Joomla SEO Spam Injector: Obfuscated PHP Backdoor Hijacking Site Visitors

Joomla SEO Spam Injector: Obfuscated PHP Backdoor Hijacking Site Visitors
A compromised Joomla site contained a heavily obfuscated PHP loader injected at the top of index.php that contacted remote C2 domains to retrieve instructions and dynamically inject spam, redirects, or fake SEO content. The attacker used two-character string concatenation and a remote-loading design to avoid detection while exfiltrating server environment data via $_SERVER, with cdn[.]erpsaz[.]com and cdn[.]saholerp[.]com acting as active C2s and lashowroom[.]com present as a decoded but unused decoy. #Joomla #cdnErpsazCom

Keypoints

  • Heavily obfuscated PHP code was injected at the top of the Joomla index.php file and functioned as a remote loader rather than storing spam locally.
  • The loader contacts attacker-controlled C2 domains, sends server environment details, and receives instructions that determine whether to redirect visitors, print raw payloads, or serve fake SEO content.
  • String obfuscation avoided single base64 blobs by assembling the base64 payload from two-character chunks and using a 27-entry lookup table (mpjy) to reconstruct strings at runtime.
  • Three domains appear in the payload: cdn[.]erpsaz[.]com (primary C2), cdn[.]saholerp[.]com (fallback C2), and lashowroom[.]com (decoded into the table but never used, acting as a decoy).
  • The cloaking engine selectively serves content: redirects real users, serves keyword-stuffed HTML or XML sitemaps to crawlers, and can inject arbitrary product links—allowing dynamic control without modifying local files.
  • Remediation required removing the injected code from index.php, resetting admin credentials, conducting a full file integrity check, updating Joomla/extensions, using a WAF, enforcing strong passwords/2FA, and restricting file permissions.

MITRE Techniques

  • [T1071 ] Application Layer Protocol – The loader uses HTTP to communicate with attacker-controlled C2 servers and retrieve instructions (‘http://cdn[.]erpsaz[.]com/admin.php’).
  • [T1105 ] Ingress Tool Transfer – The script acts as a remote loader that fetches remote content/payloads from C2 infrastructure to determine site behavior (‘the script acts as a remote loader.
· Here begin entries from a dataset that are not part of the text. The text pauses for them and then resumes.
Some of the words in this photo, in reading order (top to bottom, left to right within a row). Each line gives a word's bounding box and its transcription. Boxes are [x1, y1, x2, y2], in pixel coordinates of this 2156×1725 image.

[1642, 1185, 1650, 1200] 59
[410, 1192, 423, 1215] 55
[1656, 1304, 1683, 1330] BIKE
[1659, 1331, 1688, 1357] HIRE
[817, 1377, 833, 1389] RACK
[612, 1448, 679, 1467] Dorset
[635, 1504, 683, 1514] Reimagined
It contacts an external server, sends information about the infected website, and waits for instructions’).
  • [T1027 ] Obfuscated Files or Information – The malware splits base64 and other strings into two-character concatenations and assembles them at runtime to evade signature-based scanners (‘the strings are not stored as single base64 blobs… the code is broken into two-character strings that reassemble and execute perfectly at runtime’).
  • [T1041 ] Exfiltration Over C2 Channel – The attacker- controlled endpoint receives encoded server environment data collected from $_SERVER, enabling fingerprinting and targeted responses (‘The script collects server environment data using the $_SERVER variable and encodes it before sending it to the attacker’).
  • [T1190 ] Exploit Public-Facing Application – The compromise aligns with attacks exploiting outdated Joomla instances and known vulnerabilities to gain initial access (‘The majority of compromises we see exploit known, patched vulnerabilities in outdated installations’).
  • [T1505 ] Server Software Component – Web Shell/Backdoor – Malicious code persistent in index.php provides remote control and a backdoor for dynamic content manipulation (‘malicious code injected at the top of the Joomla index.php file’ / ‘A backdoor like this one is almost always sitting quietly at the very top of that file’).

Indicators of Compromise

  • [Domains ] attacker C2 and decoy domains embedded in the payload – cdn[.]erpsaz[.]com (primary C2), cdn[.]saholerp[.]com (fallback C2), and lashowroom[.]com (decoded but unused decoy).
  • [URLs ] C2 endpoints and request paths observed in the code – http://cdn[.]erpsaz[.]com/admin.php, http://cdn[.]saholerp[.]com/admin.php.
  • [File names ] infected or referenced server files – index.php (Joomla core file with injected obfuscated PHP at the top), admin.php (C2 script path referenced by the loader).
  • [Code patterns ] obfuscated PHP and string assembly patterns – two-character concatenated base64 string table and mpjy() lookup usage (e.g., base64 assembled from 2-character chunks and split on ‘~’).
  • [Injected content ] dynamically served fake content and spam indicators – unrelated product links appearing on site pages and fake XML sitemap content containing ” served to crawlers.